> Task details: Print each entry as it appears. Images stay out of the copy.

Items listed in a dataset:
+--
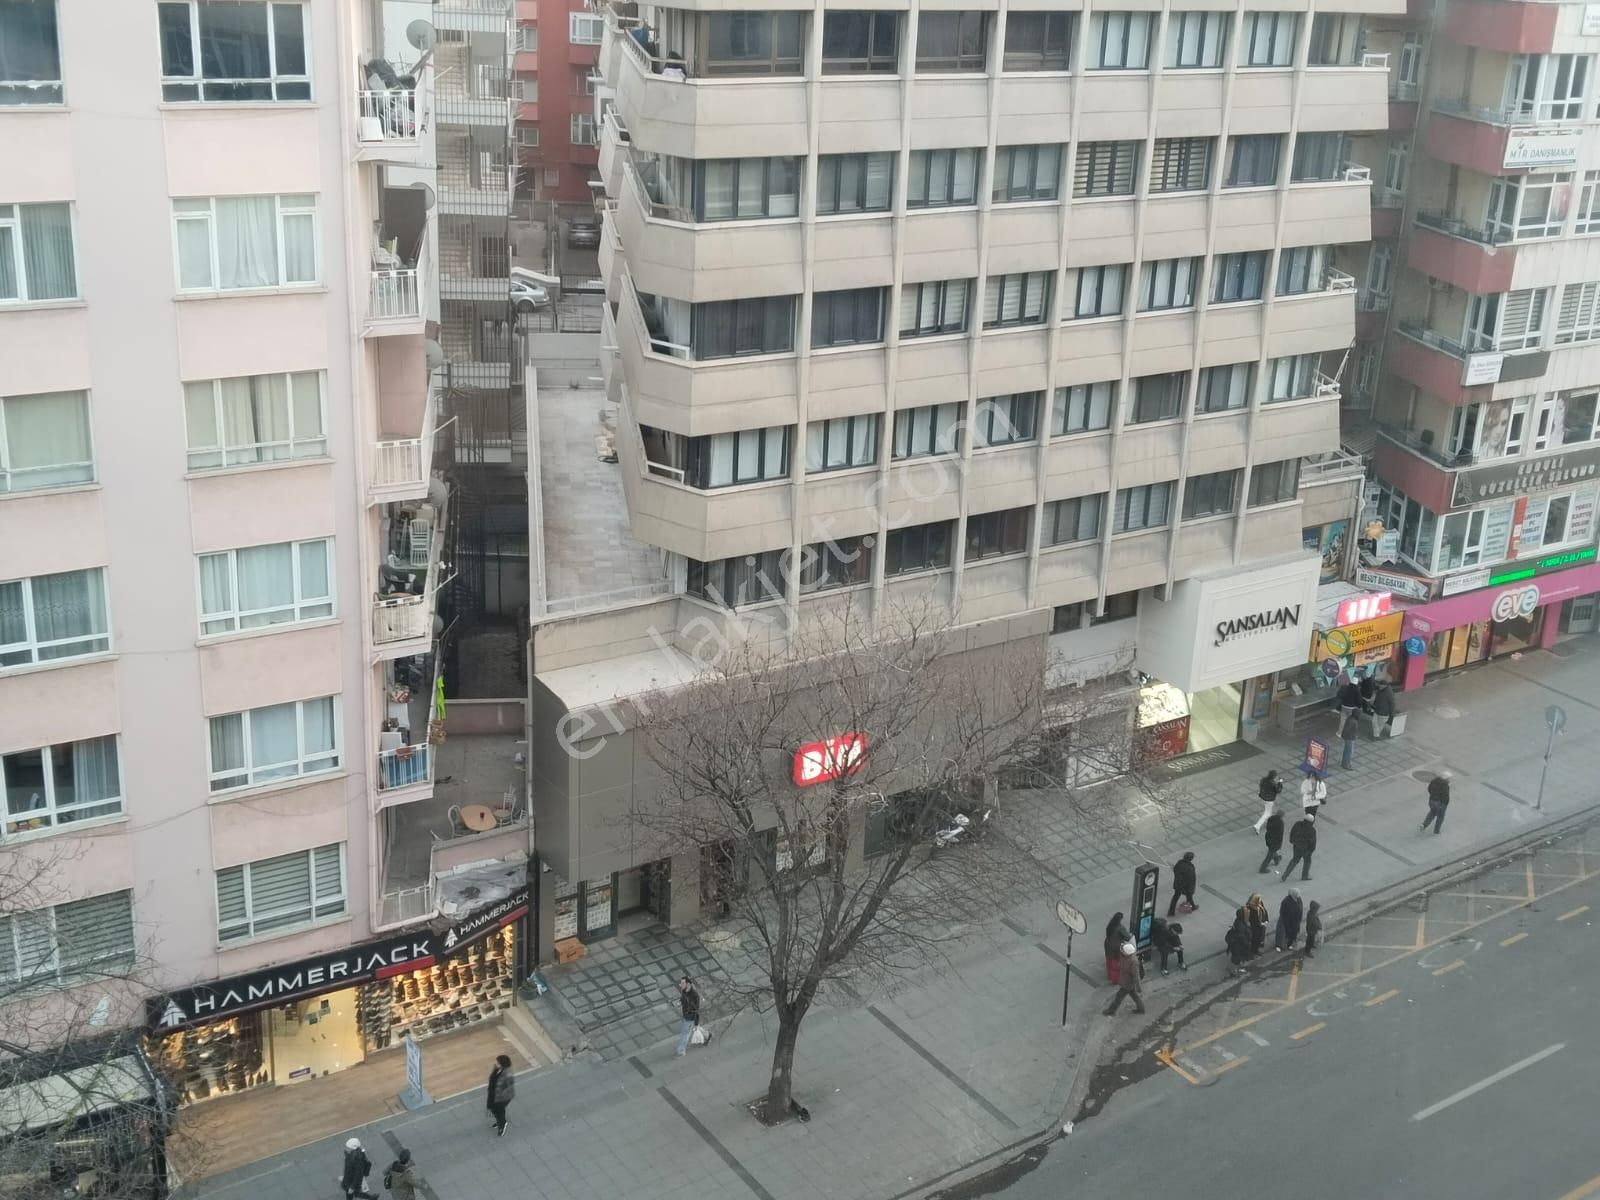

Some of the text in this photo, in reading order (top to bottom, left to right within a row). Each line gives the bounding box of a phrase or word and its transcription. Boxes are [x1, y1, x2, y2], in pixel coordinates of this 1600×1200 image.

[1214, 604, 1301, 647] SANSALAN
[1496, 587, 1539, 620] eve
[460, 891, 529, 936] HAMMERJACK
[194, 940, 430, 1014] HAMMERJACK
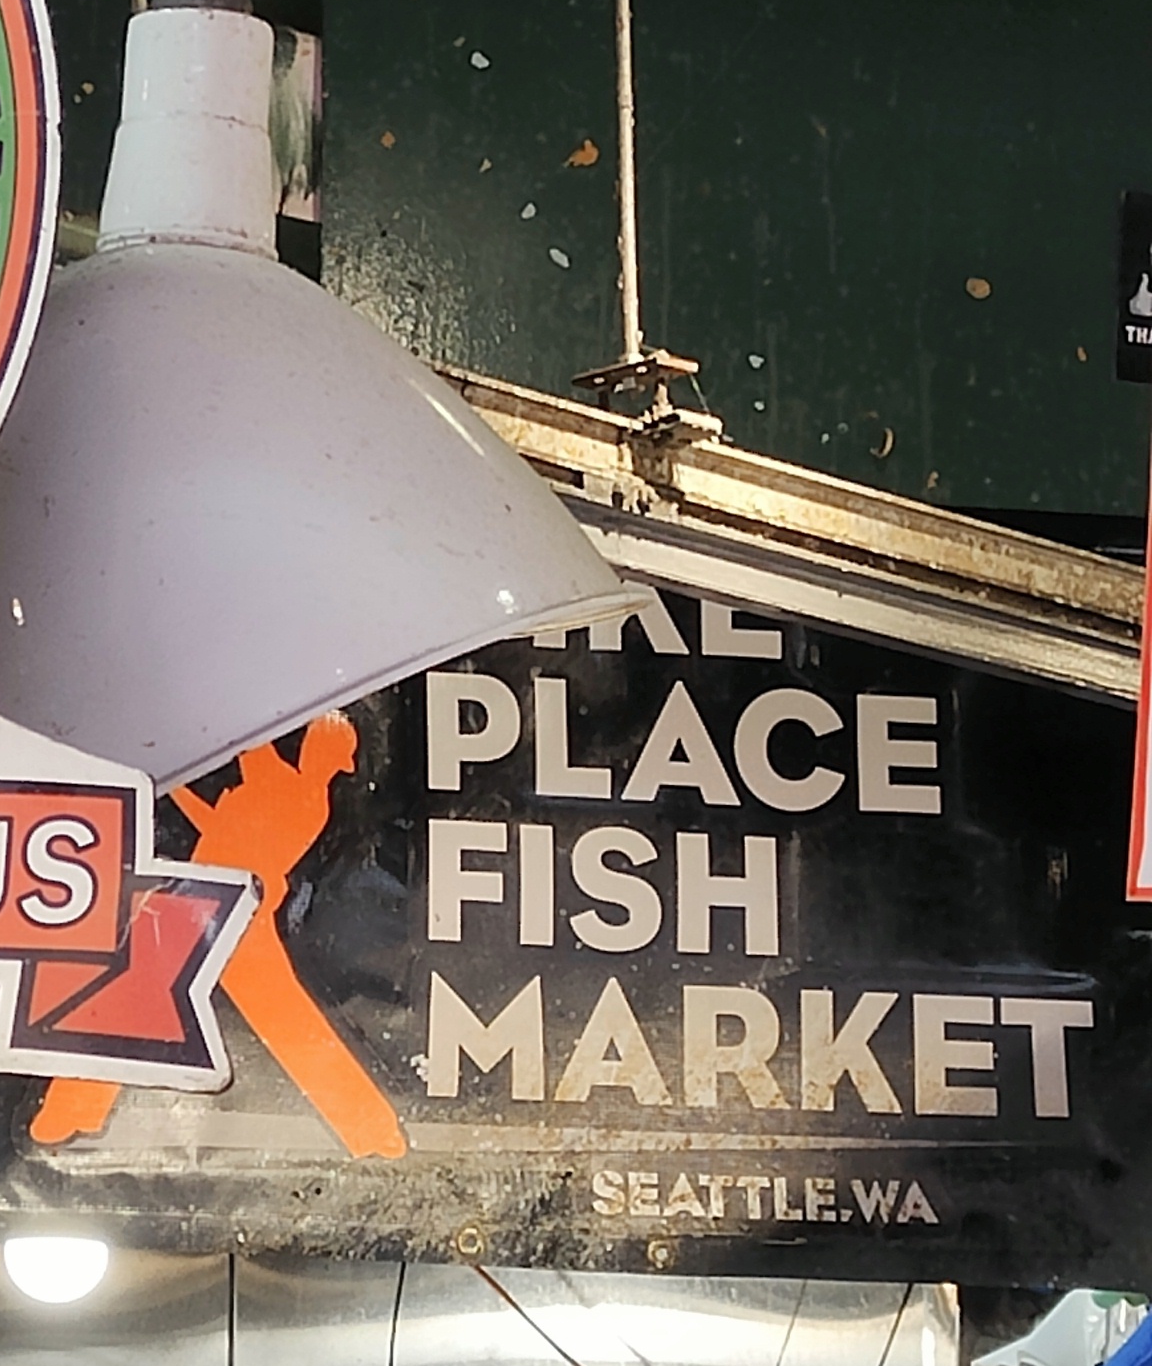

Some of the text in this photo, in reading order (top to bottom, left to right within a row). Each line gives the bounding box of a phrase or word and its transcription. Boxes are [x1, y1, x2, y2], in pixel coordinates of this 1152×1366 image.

[426, 670, 942, 814] PLACE
[427, 818, 780, 956] FISH
[425, 970, 1094, 1120] MARKET
+--
> Solution to the problem:
Some of the text in this photo, in reading order (top to bottom, left to right within a row). Each line gives the bounding box of a phrase or word and its transcription. Boxes are [x1, y1, x2, y2], in pixel coordinates of this 1600×1200 image.

[1214, 604, 1301, 647] SANSALAN
[1496, 587, 1539, 620] eve
[460, 891, 529, 936] HAMMERJACK
[194, 940, 430, 1014] HAMMERJACK

Some of the text in this photo, in reading order (top to bottom, left to right within a row). Each line gives the bounding box of a phrase or word and its transcription. Boxes are [x1, y1, x2, y2], in pixel coordinates of this 1152×1366 image.

[426, 670, 942, 814] PLACE
[427, 818, 780, 956] FISH
[425, 970, 1094, 1120] MARKET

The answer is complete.